According to the Huffington Post, Republican Sen. John H. Eichelberger Jr., the local government committee chair, said he attached the amendment because two similar stand-alone pieces of legislation, HB 1807 and HB 1960, failed to move through the Pennsylvania house.

As noted by ThinkProgress, those failed bills were part of a string of similar preemption laws popping up across the country—nine of which passed within the last three years—powered by the “free-enterprise” group American Legislative Exchange Council (ALEC).

Pennsylvania Rep. Seth Grove (R-York County), who introduced HB 1807 and HB 1960, is a member of ALEC’s Communications and Technology Task Force. (Rep. Stephens has also been said to be an ALEC member.)

Sen. Eichelberger’s office did not return RH Reality Check’s repeated requests for comment.

The Grandfather Clause

The HB 1796 amendment includes a grandfather clause: City policies already in effect across the state, such as those in Philadelphia and Pittsburgh, that allow for domestic violence-related work leave in some respect would remain in effect. Philadelphia’s “Entitlement to Leave Due to Domestic or Sexual Violence” ordinance, enacted in 2009, allows survivors at companies with 50 or more employees to take up to eight work weeks of unpaid leave during any 12-month period for services related to intimate partner violence; at a company with fewer than 50 employees, the allotment is four work weeks.

Still, even with HB 1796’s grandfather clause, the amendment only serves to ensure protections will remain disparate for workers across Pennsylvania.

“If I live in Philadelphia, I have some unpaid leave to go to court on domestic violence issues, but if I live in Harrisburg, I don’t,” said PCADV’s Peg Dierkers. “That seems inherently unfair, if not unethical. Not good public policy.”

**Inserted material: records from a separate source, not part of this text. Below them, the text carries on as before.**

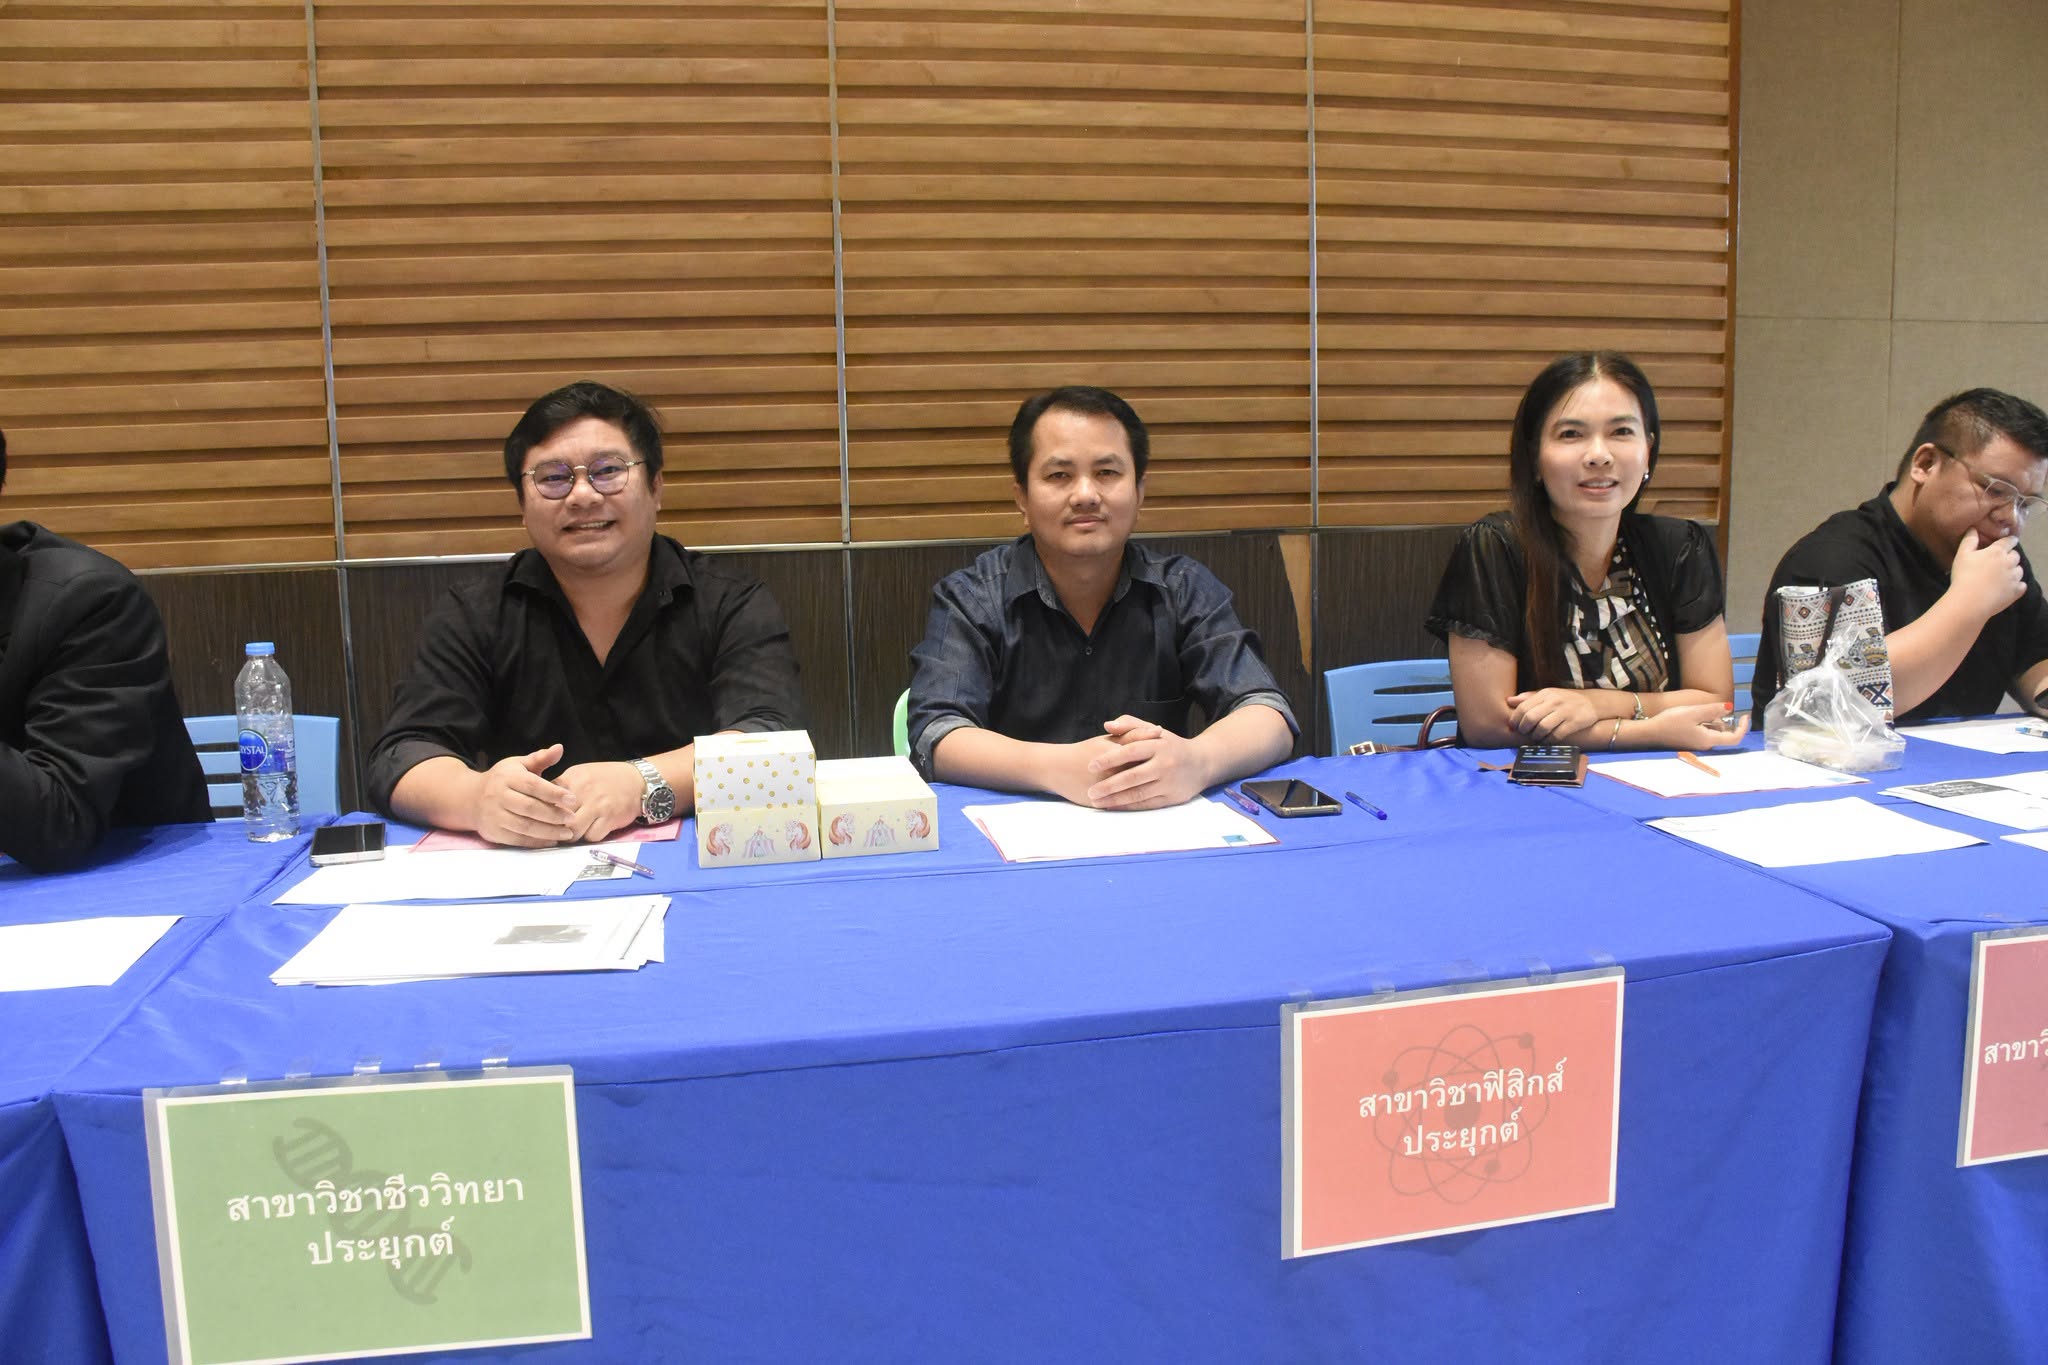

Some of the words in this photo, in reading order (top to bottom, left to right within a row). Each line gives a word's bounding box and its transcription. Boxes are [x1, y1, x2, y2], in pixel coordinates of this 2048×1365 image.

[240, 745, 266, 755] RYSTAL
[1359, 1056, 1568, 1118] สาขาวิชาฟิสิกส์
[1403, 1106, 1523, 1157] ประยุกต์
[227, 1171, 524, 1222] สาขาวิชาชีววิทยา
[307, 1215, 456, 1270] ประยุกต์

Rep. Stephens told RH Reality Check the stakeholders wanted the preemptive language added to HB 1796 while it was in the house, but he had them to hold off. The week the language was added, he said, he went to the stakeholders “who fought” for the amendment and asked whether they’d consider a statewide exception for domestic violence survivors when the bill is up for second consideration. They agreed, he said.

[M]y biggest concern with the [added] language was you have a situation where one municipality has these protections in place for domestic violence victims, and that language would preclude every other municipality from enacting those protections if they wanted to. That’s why I went to those stakeholders,” he said. “There’s still an opportunity to get those protections in place for domestic violence victims.”

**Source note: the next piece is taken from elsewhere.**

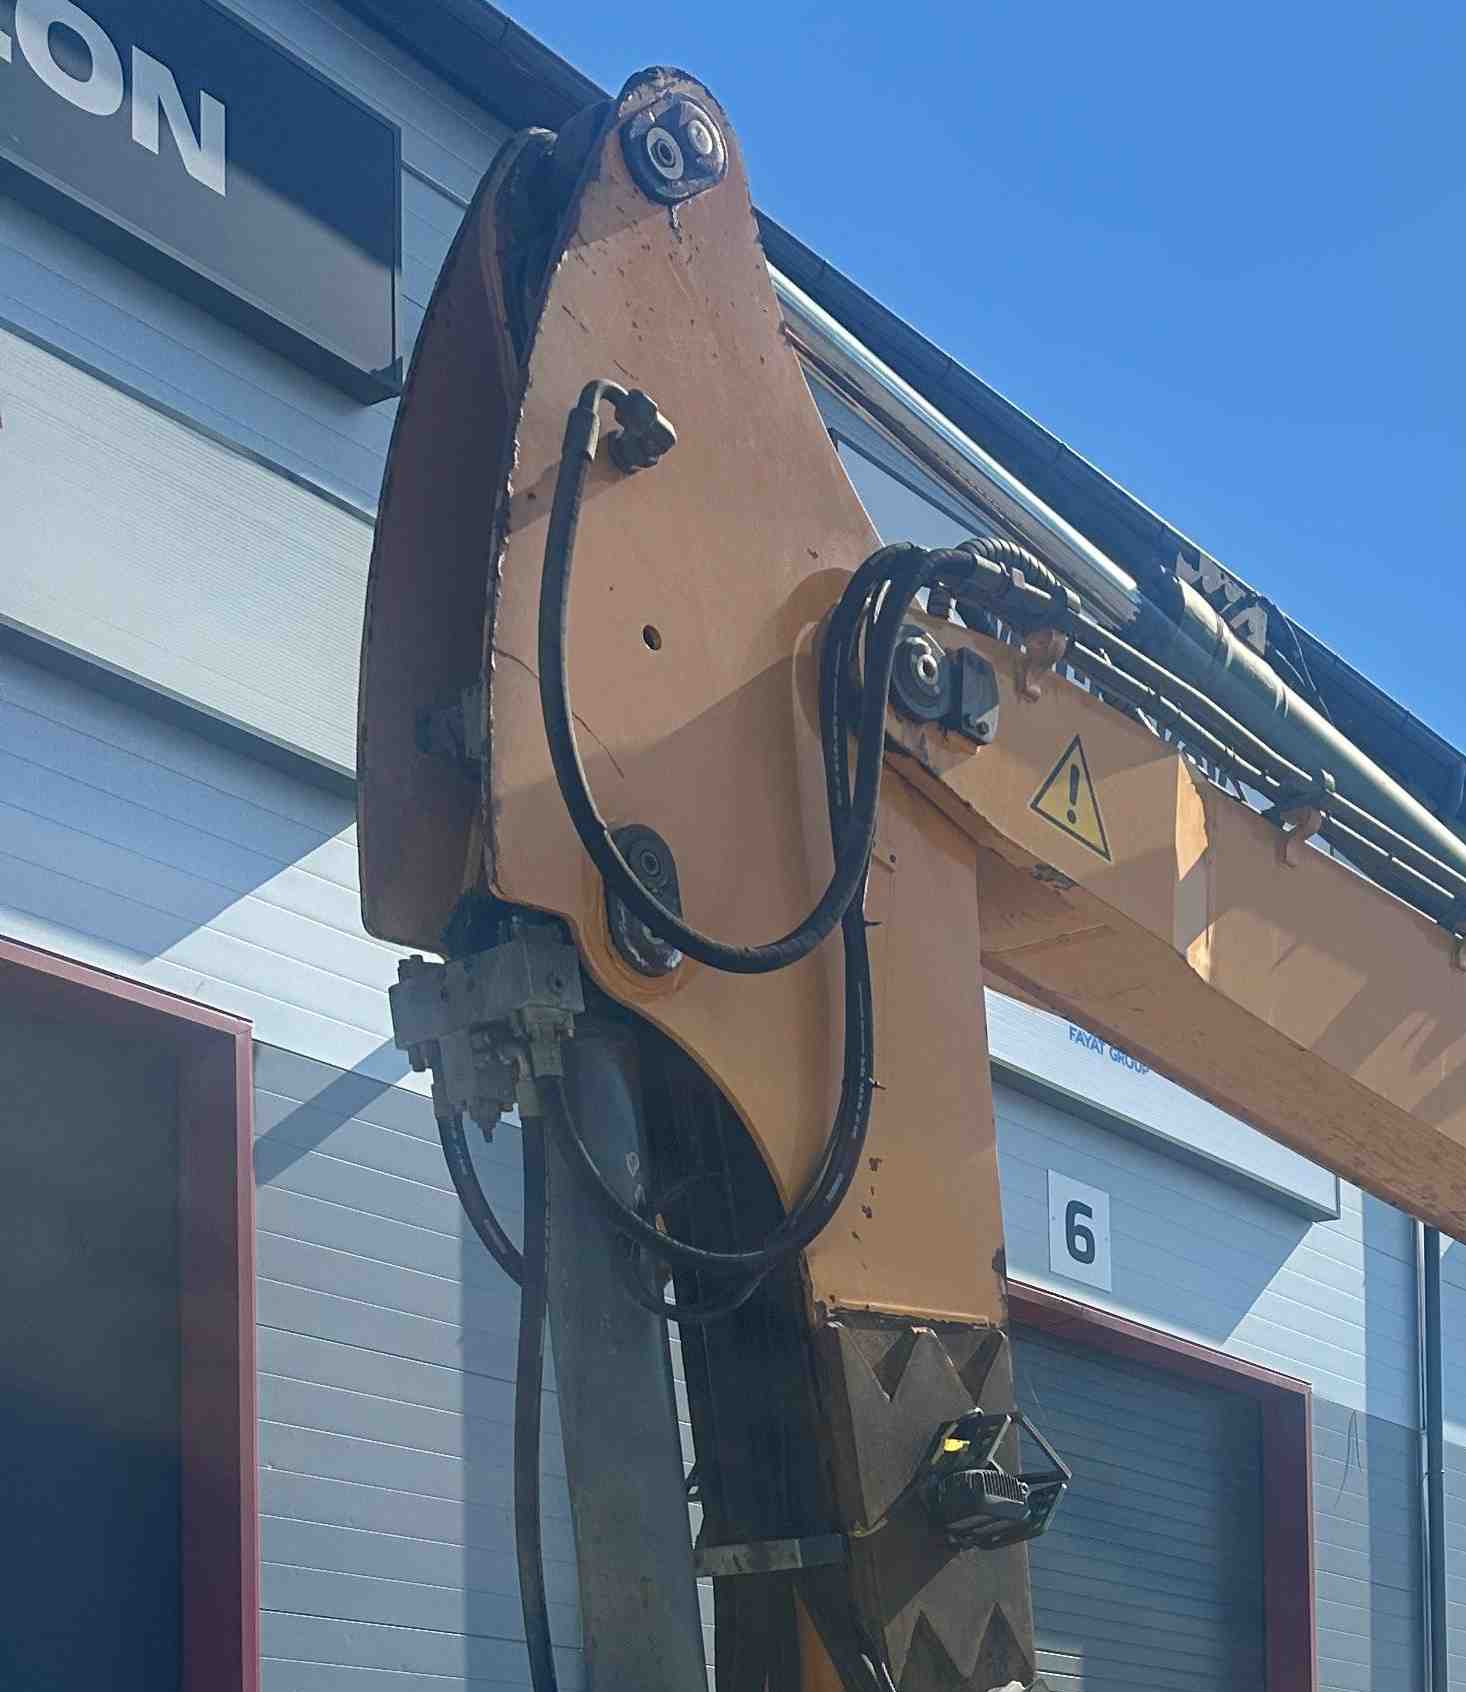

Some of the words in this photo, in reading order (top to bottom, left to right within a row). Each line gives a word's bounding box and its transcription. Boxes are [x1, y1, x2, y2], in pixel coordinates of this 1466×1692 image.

[0, 0, 226, 197] ON
[1068, 1025, 1105, 1056] FAYAT
[1065, 1200, 1096, 1264] 6

Dierkers said it’s her understanding that those stakeholders who pushed for the amendment included restaurant owners and small business associations—some of the same participants who lobbied against paid sick leave legislation in Philadelphia, passed twice by the city council and vetoed both times by Mayor Michael Nutter.

Does HB 1796 Have a Future?

Once the Pennsylvania General Assembly reconvenes on March 31, the senate version of HB 1796 will enter the appropriations committee for consideration. During that time, Sen. Vincent Hughes (D-District 7), the committee’s minority chair, and other senate democrats plan to introduce language stripping the preemption amendment, according to Ben Waxman, spokesperson for Sen. Hughes.

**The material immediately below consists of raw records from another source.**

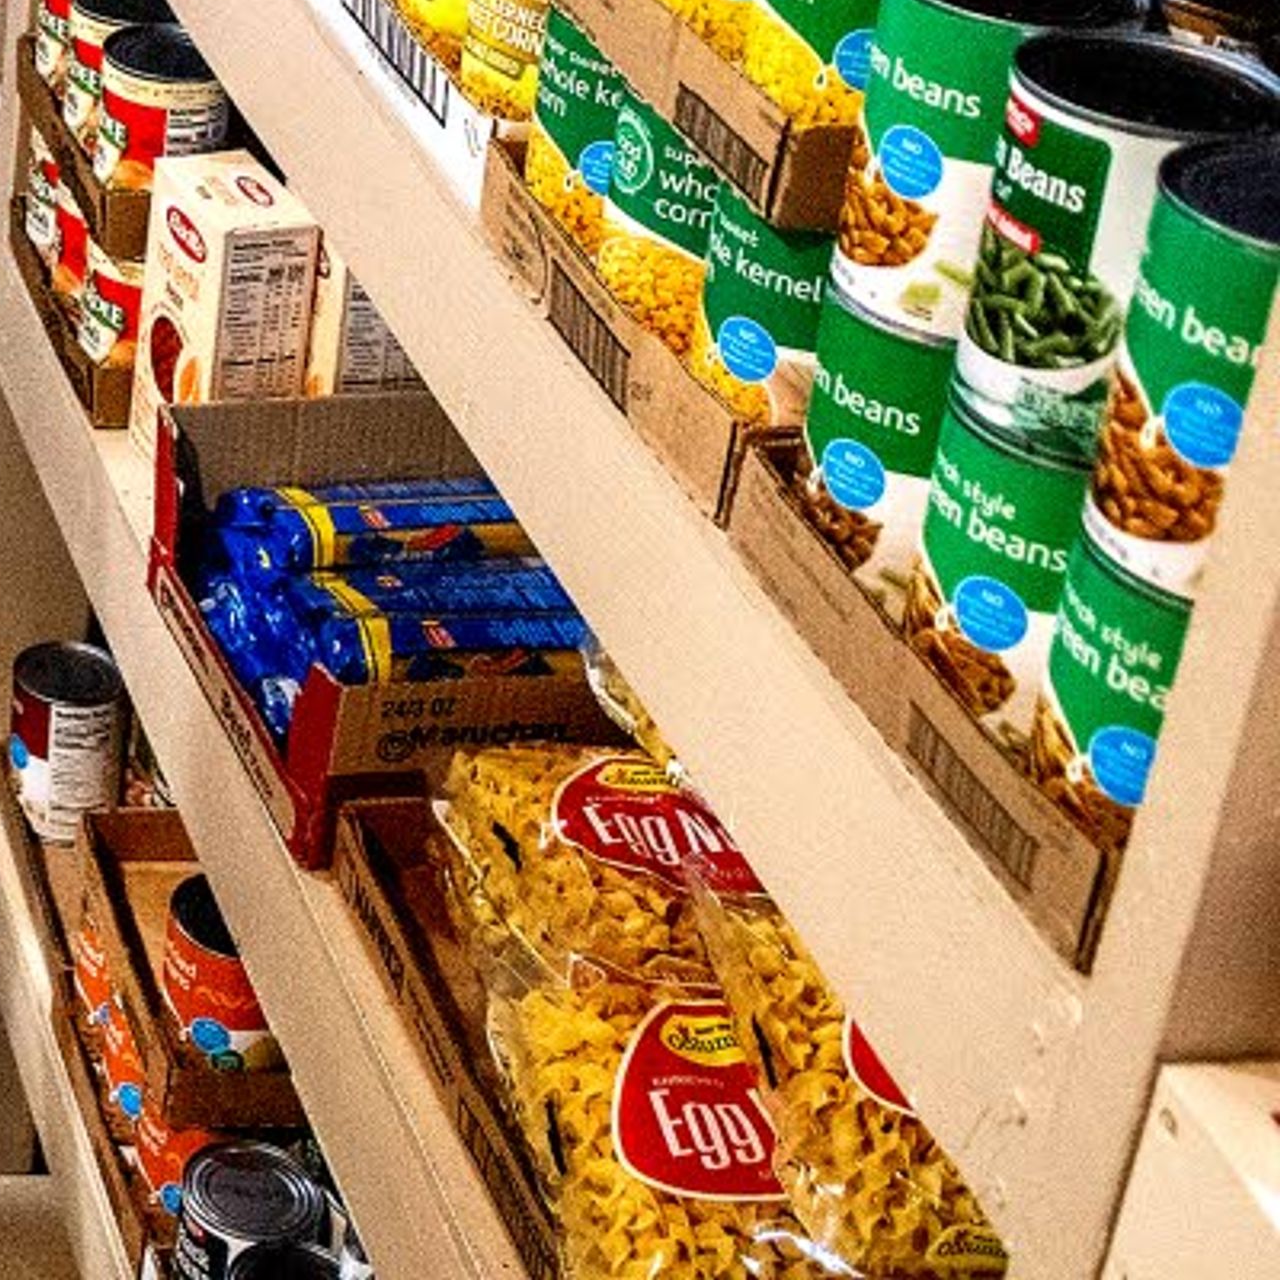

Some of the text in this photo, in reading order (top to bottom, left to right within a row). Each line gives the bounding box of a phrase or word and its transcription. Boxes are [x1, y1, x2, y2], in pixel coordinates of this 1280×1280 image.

[893, 57, 983, 119] beans
[1006, 150, 1087, 214] Beans
[735, 246, 823, 303] kernel
[833, 378, 922, 437] beans
[962, 483, 1017, 522] style
[966, 513, 1069, 573] beans
[1101, 622, 1163, 672] style
[583, 802, 683, 866] Egg
[647, 1088, 767, 1171] Egg

Waxman said Sen. Hughes and other democrats feel it’s “inappropriate” to add controversial work leave language to a “non-controversial” bill meant to protect domestic violence survivors. If HB 1796 does make it to the full senate floor with the amendment, Sen. Hughes and his fellow democrats will again introduce language to remove it, he noted.

“It’s the wrong way to approach [the topic],” Waxman said. If proponents of the senate’s amendment want to push preemptive legislation, “it should stand on its own merits and not be attached to a bill on domestic violence.”

Much like Callahan and Dierkers, Waxman is also uncertain of HB 1796’s once-confident future, and whether it will move in the senate at all—which, he said, “is a big problem.”

“I hope that some compromise could be reached so the bill continues to move forward,” said Rep. Stephens. “I think there’s still an opportunity to make sure domestic violence victims are not disaffected by that amendment, and I just hope that amendment doesn’t derail the bill.”